Attorno al grande business dei lidi di Cefalù, uno dei più importanti poli turistici siciliani, si era creato un sistema di corruzione, scambi di favore, assunzioni. Lo rivela un'inchiesta della polizia, condotta dal commissario Manfredi Borsellino e culminata con l'arresto del dirigente del Demanio marittimo della Regione, Antonino Di Franco, e dell'imprenditore turistico Giovanni Cimino che avrebbe gestito gran parte degli stabilimenti balneari della cittadina normanna in regime di monopolio.

L'uno e l'altro sono finiti ai domiciliari. Il gip Angela Piparo del tribunale di Termini Imerese ha anche imposto a Salvatore Labruzzo, altro funzionario regionale collaboratore di Di Franco, il divieto di residenza in provincia di Palermo e a Bartolomeo Vitale, braccio destro di Cimino, il divieto di dimora a Cefalù. L'indagine è partita dall'esposto del titolare di un piccolo lido in preda all'esasperazione: non riusciva a ottenere il rinnovo della concessione in tempi ragionevoli mentre altri imprenditori non avevano problemi.

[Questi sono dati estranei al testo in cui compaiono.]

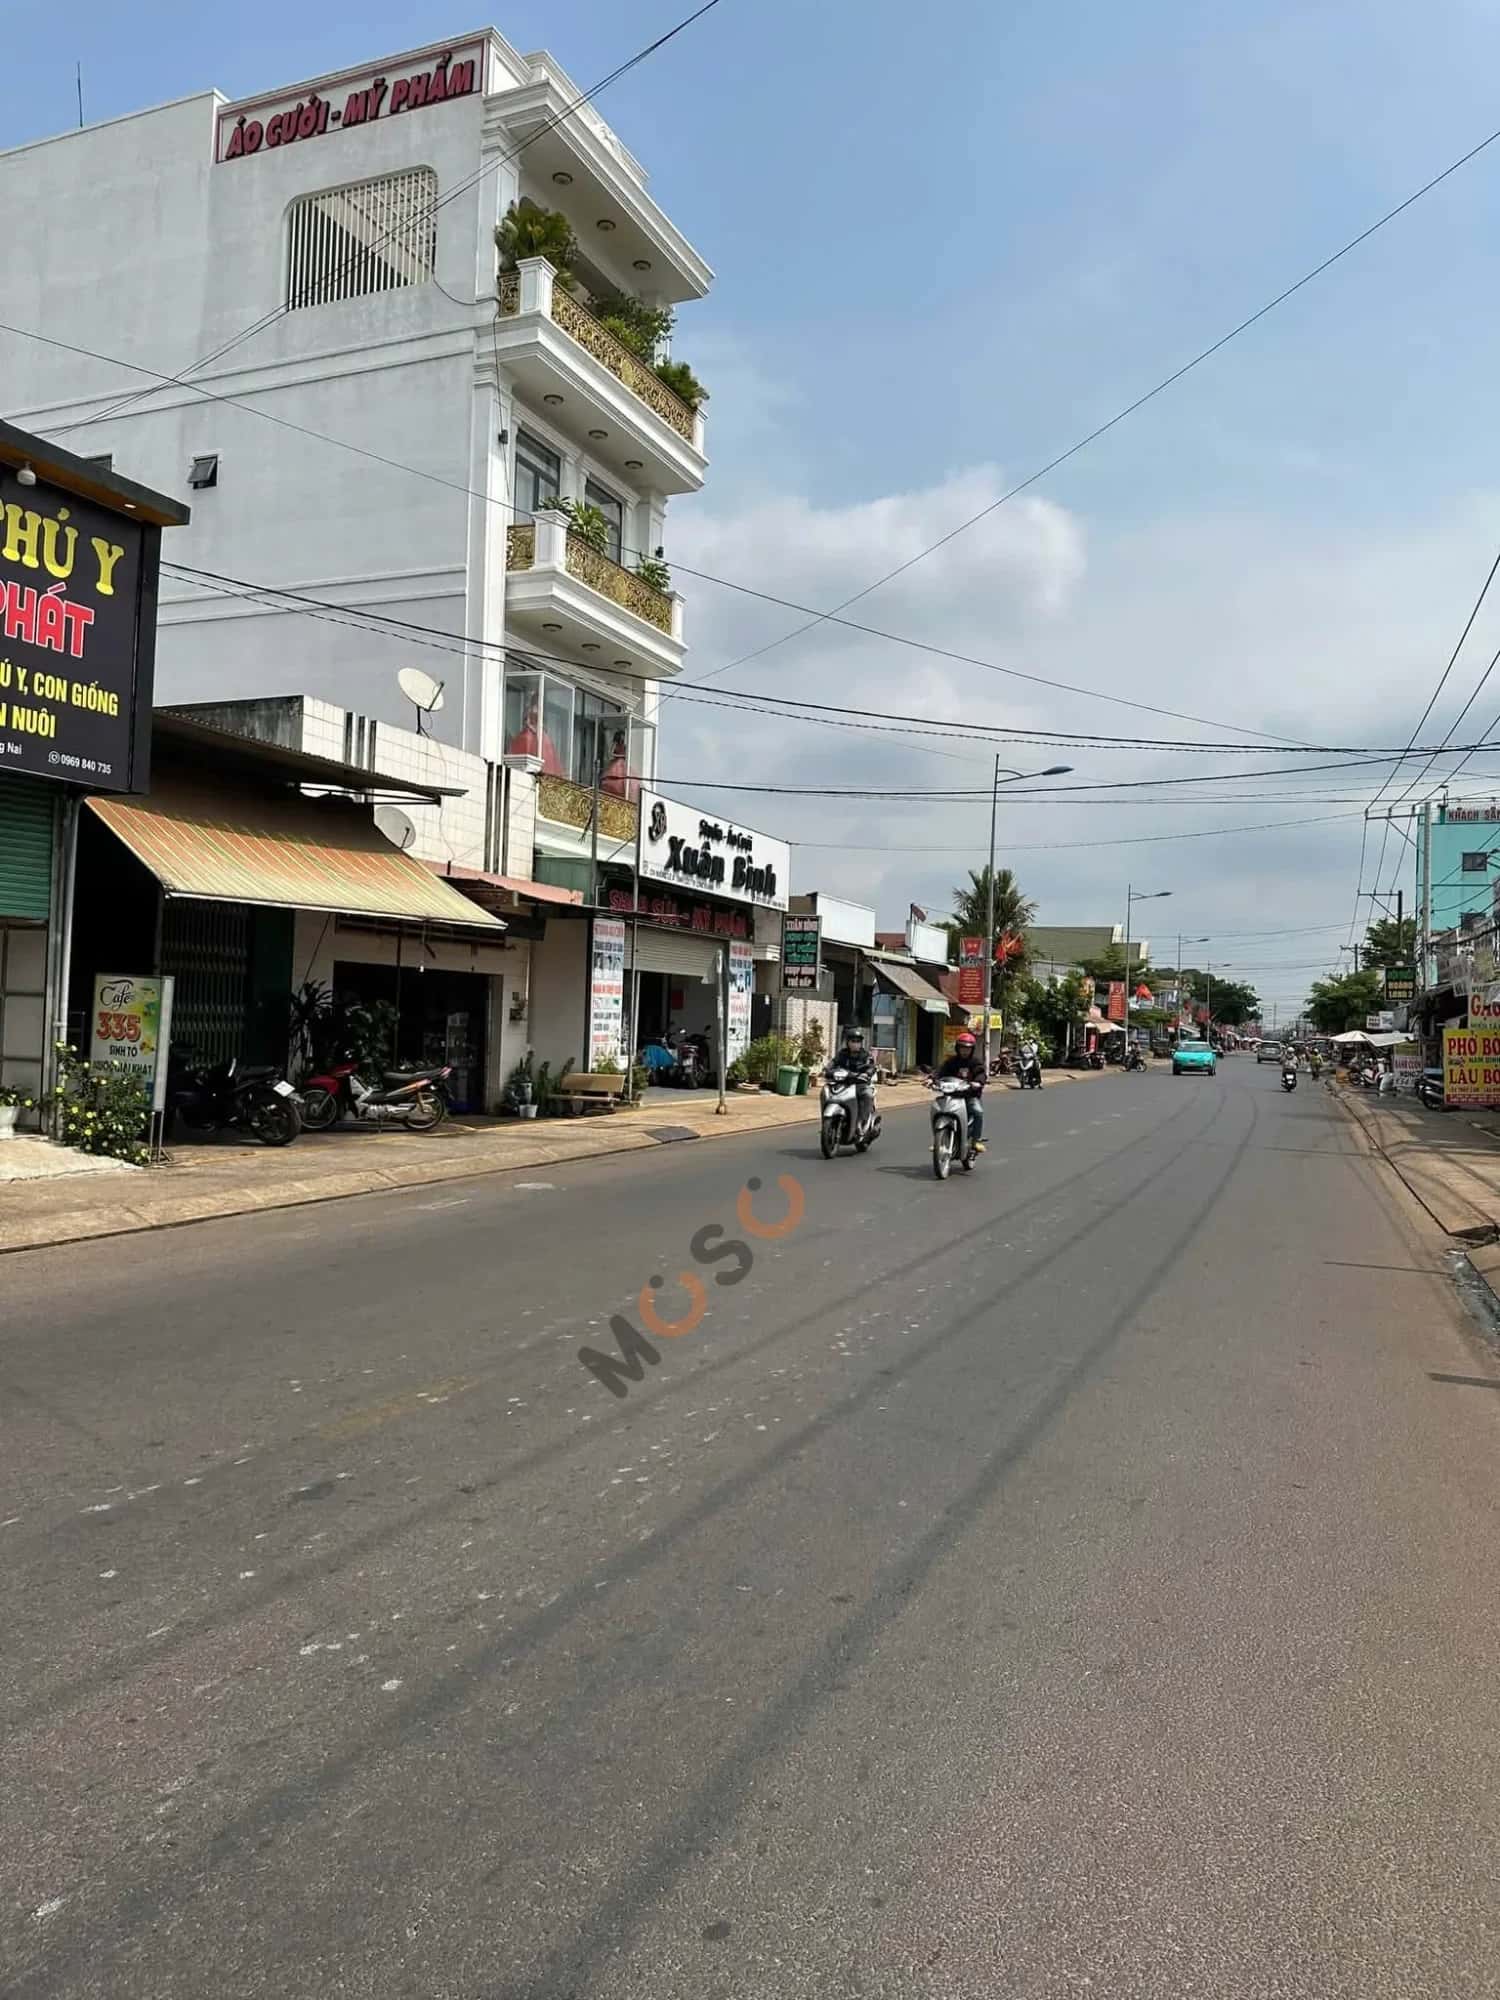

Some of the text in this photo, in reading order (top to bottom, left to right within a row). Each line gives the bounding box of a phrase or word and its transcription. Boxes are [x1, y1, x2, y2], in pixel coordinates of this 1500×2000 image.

[342, 77, 388, 127] MỸ
[390, 51, 474, 113] PHẨM
[91, 537, 124, 595] Y
[0, 581, 95, 658] HÁT
[33, 671, 67, 703] CON
[71, 681, 119, 716] GIỐNG
[12, 705, 56, 738] NUÔI
[7, 742, 22, 755] Nai
[61, 754, 80, 769] 0969
[664, 834, 725, 882] Xuân
[731, 854, 776, 898] Bình
[96, 1010, 141, 1043] 335
[1447, 1030, 1478, 1056] PHỞ

L'indagine coordinata dal procuratore di Termini Imerese, Alfredo Morvillo, e dal sostituto Giacomo Brandini è durata quasi un anno con pedinamenti, osservazioni e intercettazioni telefoniche. L'estate scorsa c'era stato un primo risultato: il sequestro del lido Poseidon che aveva occupato una superficie demaniale superiore a quella concessa. Di Franco si sarebbe dato da fare per arrivare al dissequestro concordando perfino con i legali di Cimino una linea difensiva. In cambio avrebbe ottenuto regalie e l'assunzione del figlio nello stabilimento di Cimino. L'altra figlia sarebbe andata a lavorare in un lido di Palermo.

Di Franco, scrive il gip, si sarebbe comportato come un vero "rais del demanio marittimo". Dall'inchiesta emerge anche il ruolo dominante di Cimino che direttamente o attraverso l'associazione operatori balneari di Cefalù, presieduta da Vitale, aveva assunto il controllo di un settore cruciale dell'economia turistica. A lui e ai suoi familiari farebbe capo l'80 per cento delle strutture balneari di Cefalù. Ma Cimino si proponeva di mettere le mani anche sulla spiaggia libera con una operazione ("Mare luna") che, malgrado l'interessamento di Di Franco, venne bloccata. La posizione del funzionario era già in discussione. L'assessore regionale al territorio, Maurizio Croce, ha ammesso di non essere sorpreso degli arresti: "Da settembre scorso avevamo dubbi sulle procedure amministrative seguite per le concessioni a Cefalù". E da gennaio a Di Franco era stato perfino cambiato ruolo.